Our pre-baby research revealed that the Diaper Champ and Diaper Genie are similar products. They both provide for the disposal of diapers (usually used) in an odor free manner. Both products achieve this by providing a gateway, or an air lock if you prefer, between the outside world and the internal bowels of the device in which the diapers are disposed.
The device operates as follows:
- Feed baby
- Wait for baby to poo – this may be instantaneous, so be ready
- Remove diaper. (If there’s not a diaper, then you will need additional help which exceeds the scope of this article)

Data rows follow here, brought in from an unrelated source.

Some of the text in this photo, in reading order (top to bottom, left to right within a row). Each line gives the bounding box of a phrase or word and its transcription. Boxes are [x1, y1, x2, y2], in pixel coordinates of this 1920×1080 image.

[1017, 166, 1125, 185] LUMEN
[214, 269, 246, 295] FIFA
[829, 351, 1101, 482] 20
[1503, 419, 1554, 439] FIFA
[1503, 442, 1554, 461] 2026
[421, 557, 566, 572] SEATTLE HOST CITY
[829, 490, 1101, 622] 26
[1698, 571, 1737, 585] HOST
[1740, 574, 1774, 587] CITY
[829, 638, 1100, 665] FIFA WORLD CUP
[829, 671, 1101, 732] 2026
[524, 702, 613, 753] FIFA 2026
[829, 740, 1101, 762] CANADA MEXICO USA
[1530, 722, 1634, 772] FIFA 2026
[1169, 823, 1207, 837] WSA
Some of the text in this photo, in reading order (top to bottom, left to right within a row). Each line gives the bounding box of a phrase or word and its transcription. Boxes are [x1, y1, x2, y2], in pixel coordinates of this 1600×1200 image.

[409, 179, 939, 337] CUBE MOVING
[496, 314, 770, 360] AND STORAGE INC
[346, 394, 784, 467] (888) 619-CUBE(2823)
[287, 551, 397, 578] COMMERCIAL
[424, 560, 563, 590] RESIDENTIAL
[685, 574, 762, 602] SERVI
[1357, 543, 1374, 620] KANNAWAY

- Put diaper in diaper disposal unit
- Rotate the top of the device, on the y-axis, 180 degress
You will be rewarded with the sound of a weighted piston pushing the soiled object into the storage unit. I speculate that this will not work well in space due to the lack of gravity. Nor will it work at the bottom of an ocean or within a volcanic flow.

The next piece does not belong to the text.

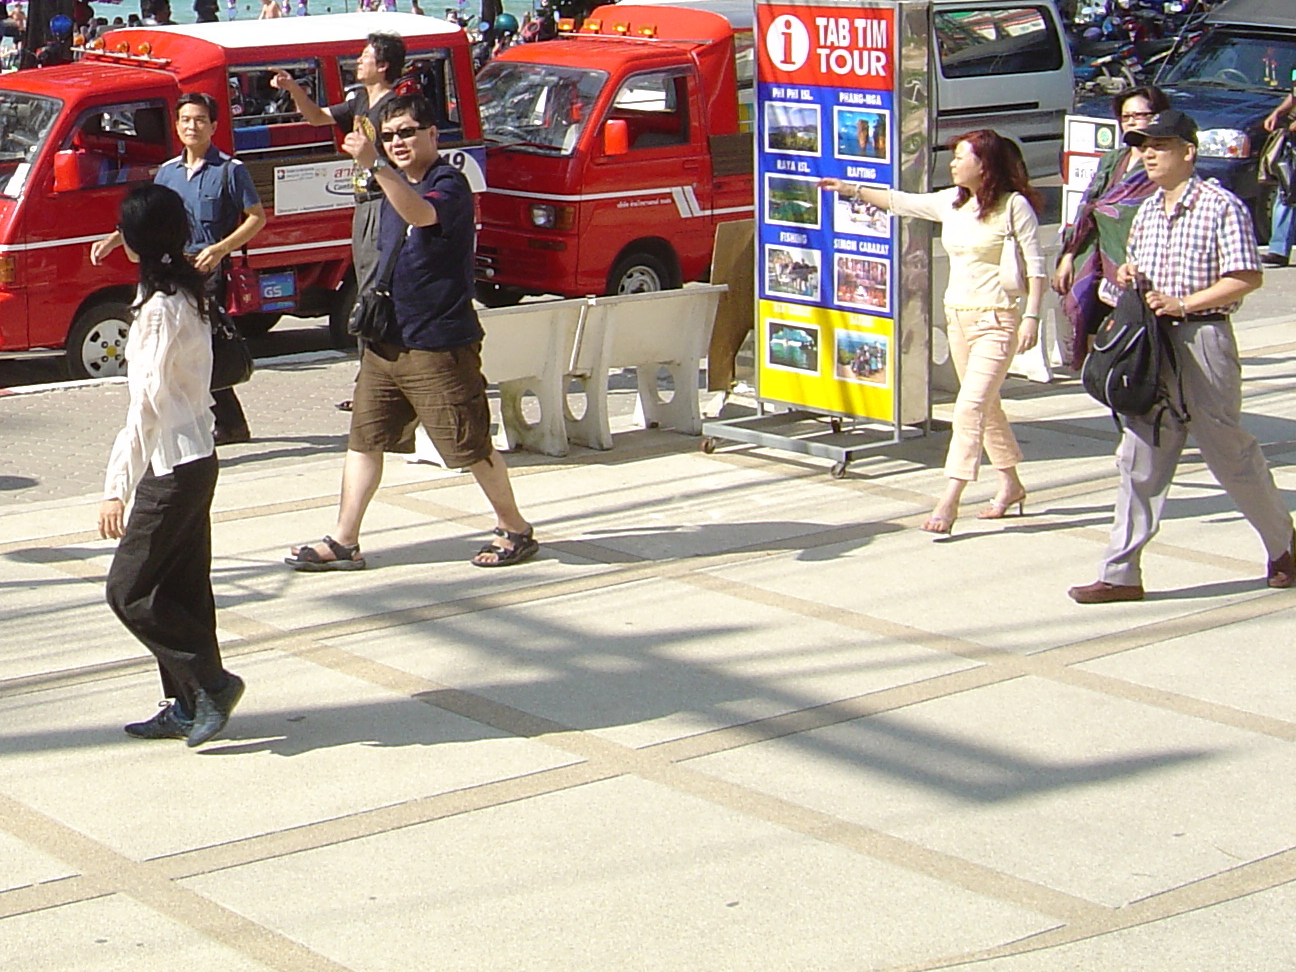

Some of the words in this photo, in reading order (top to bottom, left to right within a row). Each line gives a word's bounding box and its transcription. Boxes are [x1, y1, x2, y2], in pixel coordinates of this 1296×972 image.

[815, 17, 851, 47] TAB
[854, 19, 887, 48] TIM
[816, 48, 887, 76] TOUR
[264, 285, 282, 298] GS

We chose the diaper champ because you can use any plastic bag that you like. Diaper Genie requires you to use their super special bags.
The device does work exceptionally well. The room is stink free… that is, until it comes time to empty the device. Then its simply outrageous. We end up having to repaint the second floor every time we empty the stupid thing.

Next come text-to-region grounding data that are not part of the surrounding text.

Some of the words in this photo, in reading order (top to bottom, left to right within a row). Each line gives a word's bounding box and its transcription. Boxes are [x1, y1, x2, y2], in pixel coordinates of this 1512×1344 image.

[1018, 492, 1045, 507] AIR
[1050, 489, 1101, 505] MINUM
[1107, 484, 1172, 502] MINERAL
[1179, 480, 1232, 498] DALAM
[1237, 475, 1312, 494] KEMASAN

But most of that is irrelevant. As long as you understand the basic operation, we can at least get to the point of our story.
Jack, who is now a hair over 11 months old, has recently developed a certain fascination with the Diaper Champ. Maybe he likes it because its a staple feature in his room. Or, maybe he understands that most of what he eats ends up in there at some point (while the remainder ends up on my shirt). I don’t know, but I choose to believe that he thinks its a giant toy. Like most things, he wants to understand it.
Here’s his abridged routine: he stands (assisted by a wall or random piece of furniture) and walks over (unassisted) to the diaper champ. He flips the tumbler about 90 degrees. Then, he walks to the other side of the diaper champ. He reaches in and pushes the piston to the other side. Then he squats a little and turns his head to the side and looks in. He studies it for several seconds, then moves on. He walks back to his original position, pushes the piston to the other side, then squats over to look at it from the new perspective. He may do this multiple times, mood permitting.
The “squatting”, “head tilting” and “extreme interest” are all pretty funny.